● **Work request**
After locating the line that holds "this 1659×2212 image.", output it and all following lines word for word, stopping only at the end of the data.

START Records for processing

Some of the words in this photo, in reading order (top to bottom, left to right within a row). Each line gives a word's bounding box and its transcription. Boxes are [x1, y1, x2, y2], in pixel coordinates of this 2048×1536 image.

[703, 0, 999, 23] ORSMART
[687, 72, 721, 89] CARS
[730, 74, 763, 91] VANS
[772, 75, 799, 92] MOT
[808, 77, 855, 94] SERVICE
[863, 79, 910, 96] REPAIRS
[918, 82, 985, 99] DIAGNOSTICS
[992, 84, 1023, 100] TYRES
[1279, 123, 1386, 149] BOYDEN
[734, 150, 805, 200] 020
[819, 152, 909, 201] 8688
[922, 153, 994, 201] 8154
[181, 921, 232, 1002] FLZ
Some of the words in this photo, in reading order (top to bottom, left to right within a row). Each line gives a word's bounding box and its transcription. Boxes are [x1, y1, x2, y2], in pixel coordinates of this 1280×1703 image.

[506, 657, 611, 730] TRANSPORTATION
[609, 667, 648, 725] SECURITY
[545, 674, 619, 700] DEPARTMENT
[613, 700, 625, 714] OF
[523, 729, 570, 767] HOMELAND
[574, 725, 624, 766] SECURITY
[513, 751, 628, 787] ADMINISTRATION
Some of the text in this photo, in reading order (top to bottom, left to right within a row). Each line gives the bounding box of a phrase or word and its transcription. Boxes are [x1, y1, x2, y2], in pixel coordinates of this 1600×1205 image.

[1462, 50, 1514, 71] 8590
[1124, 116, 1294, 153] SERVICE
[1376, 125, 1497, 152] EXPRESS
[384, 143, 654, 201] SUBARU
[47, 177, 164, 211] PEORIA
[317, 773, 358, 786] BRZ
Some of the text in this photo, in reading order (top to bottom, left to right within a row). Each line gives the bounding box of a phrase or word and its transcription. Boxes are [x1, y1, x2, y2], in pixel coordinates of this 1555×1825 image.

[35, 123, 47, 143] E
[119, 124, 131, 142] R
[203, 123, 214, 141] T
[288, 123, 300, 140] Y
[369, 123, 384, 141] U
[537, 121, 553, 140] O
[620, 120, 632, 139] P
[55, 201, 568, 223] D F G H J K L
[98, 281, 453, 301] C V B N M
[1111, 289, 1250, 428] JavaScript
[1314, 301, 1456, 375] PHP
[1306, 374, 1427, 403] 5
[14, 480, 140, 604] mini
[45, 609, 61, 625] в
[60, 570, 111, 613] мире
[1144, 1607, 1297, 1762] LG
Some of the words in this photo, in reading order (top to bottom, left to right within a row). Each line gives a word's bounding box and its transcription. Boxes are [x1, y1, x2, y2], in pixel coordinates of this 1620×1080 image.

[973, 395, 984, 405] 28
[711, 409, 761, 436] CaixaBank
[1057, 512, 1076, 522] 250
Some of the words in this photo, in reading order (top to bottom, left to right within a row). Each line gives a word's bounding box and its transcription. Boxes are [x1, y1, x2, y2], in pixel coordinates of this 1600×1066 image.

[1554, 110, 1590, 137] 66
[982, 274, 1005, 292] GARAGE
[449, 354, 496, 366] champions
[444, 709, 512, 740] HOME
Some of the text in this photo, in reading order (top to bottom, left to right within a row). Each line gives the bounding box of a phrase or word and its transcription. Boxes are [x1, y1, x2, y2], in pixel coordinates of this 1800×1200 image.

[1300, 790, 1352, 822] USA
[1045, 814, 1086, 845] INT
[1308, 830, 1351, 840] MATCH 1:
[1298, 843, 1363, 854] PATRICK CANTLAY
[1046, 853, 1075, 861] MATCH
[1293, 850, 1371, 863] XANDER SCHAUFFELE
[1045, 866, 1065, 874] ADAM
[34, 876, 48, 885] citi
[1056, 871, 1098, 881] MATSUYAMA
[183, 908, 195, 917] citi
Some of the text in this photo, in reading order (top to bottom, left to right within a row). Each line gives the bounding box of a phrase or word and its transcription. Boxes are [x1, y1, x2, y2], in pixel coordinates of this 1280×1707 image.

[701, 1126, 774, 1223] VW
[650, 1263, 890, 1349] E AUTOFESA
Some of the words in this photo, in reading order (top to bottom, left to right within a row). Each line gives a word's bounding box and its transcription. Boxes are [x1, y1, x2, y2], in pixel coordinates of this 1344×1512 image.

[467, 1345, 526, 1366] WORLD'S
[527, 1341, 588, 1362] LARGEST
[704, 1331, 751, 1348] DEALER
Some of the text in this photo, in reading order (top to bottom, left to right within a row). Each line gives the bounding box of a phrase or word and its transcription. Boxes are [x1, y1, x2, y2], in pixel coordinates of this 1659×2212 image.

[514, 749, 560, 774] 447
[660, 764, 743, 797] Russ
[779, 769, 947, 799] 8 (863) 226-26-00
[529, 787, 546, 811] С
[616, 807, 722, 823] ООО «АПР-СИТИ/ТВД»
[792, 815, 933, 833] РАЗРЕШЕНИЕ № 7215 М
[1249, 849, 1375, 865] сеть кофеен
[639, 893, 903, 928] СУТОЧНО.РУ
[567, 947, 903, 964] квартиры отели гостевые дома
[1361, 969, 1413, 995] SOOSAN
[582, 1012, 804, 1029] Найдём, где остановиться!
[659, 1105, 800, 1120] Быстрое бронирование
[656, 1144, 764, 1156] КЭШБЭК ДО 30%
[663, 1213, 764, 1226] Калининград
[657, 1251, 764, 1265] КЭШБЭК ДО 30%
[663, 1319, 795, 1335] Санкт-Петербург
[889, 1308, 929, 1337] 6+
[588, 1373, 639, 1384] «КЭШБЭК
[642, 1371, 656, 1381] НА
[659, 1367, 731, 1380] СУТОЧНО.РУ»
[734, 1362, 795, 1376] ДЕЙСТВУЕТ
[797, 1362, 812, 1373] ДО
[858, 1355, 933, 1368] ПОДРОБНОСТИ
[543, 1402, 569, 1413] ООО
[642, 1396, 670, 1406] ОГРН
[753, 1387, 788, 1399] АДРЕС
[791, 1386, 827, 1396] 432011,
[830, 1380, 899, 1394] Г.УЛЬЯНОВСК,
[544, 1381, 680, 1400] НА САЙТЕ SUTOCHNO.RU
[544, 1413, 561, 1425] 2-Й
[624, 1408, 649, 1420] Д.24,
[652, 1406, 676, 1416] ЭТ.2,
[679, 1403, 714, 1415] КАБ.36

END Records for processing

● **Task result**
Some of the text in this photo, in reading order (top to bottom, left to right within a row). Each line gives the bounding box of a phrase or word and its transcription. Boxes are [x1, y1, x2, y2], in pixel coordinates of this 1659×2212 image.

[514, 749, 560, 774] 447
[660, 764, 743, 797] Russ
[779, 769, 947, 799] 8 (863) 226-26-00
[529, 787, 546, 811] С
[616, 807, 722, 823] ООО «АПР-СИТИ/ТВД»
[792, 815, 933, 833] РАЗРЕШЕНИЕ № 7215 М
[1249, 849, 1375, 865] сеть кофеен
[639, 893, 903, 928] СУТОЧНО.РУ
[567, 947, 903, 964] квартиры отели гостевые дома
[1361, 969, 1413, 995] SOOSAN
[582, 1012, 804, 1029] Найдём, где остановиться!
[659, 1105, 800, 1120] Быстрое бронирование
[656, 1144, 764, 1156] КЭШБЭК ДО 30%
[663, 1213, 764, 1226] Калининград
[657, 1251, 764, 1265] КЭШБЭК ДО 30%
[663, 1319, 795, 1335] Санкт-Петербург
[889, 1308, 929, 1337] 6+
[588, 1373, 639, 1384] «КЭШБЭК
[642, 1371, 656, 1381] НА
[659, 1367, 731, 1380] СУТОЧНО.РУ»
[734, 1362, 795, 1376] ДЕЙСТВУЕТ
[797, 1362, 812, 1373] ДО
[858, 1355, 933, 1368] ПОДРОБНОСТИ
[543, 1402, 569, 1413] ООО
[642, 1396, 670, 1406] ОГРН
[753, 1387, 788, 1399] АДРЕС
[791, 1386, 827, 1396] 432011,
[830, 1380, 899, 1394] Г.УЛЬЯНОВСК,
[544, 1381, 680, 1400] НА САЙТЕ SUTOCHNO.RU
[544, 1413, 561, 1425] 2-Й
[624, 1408, 649, 1420] Д.24,
[652, 1406, 676, 1416] ЭТ.2,
[679, 1403, 714, 1415] КАБ.36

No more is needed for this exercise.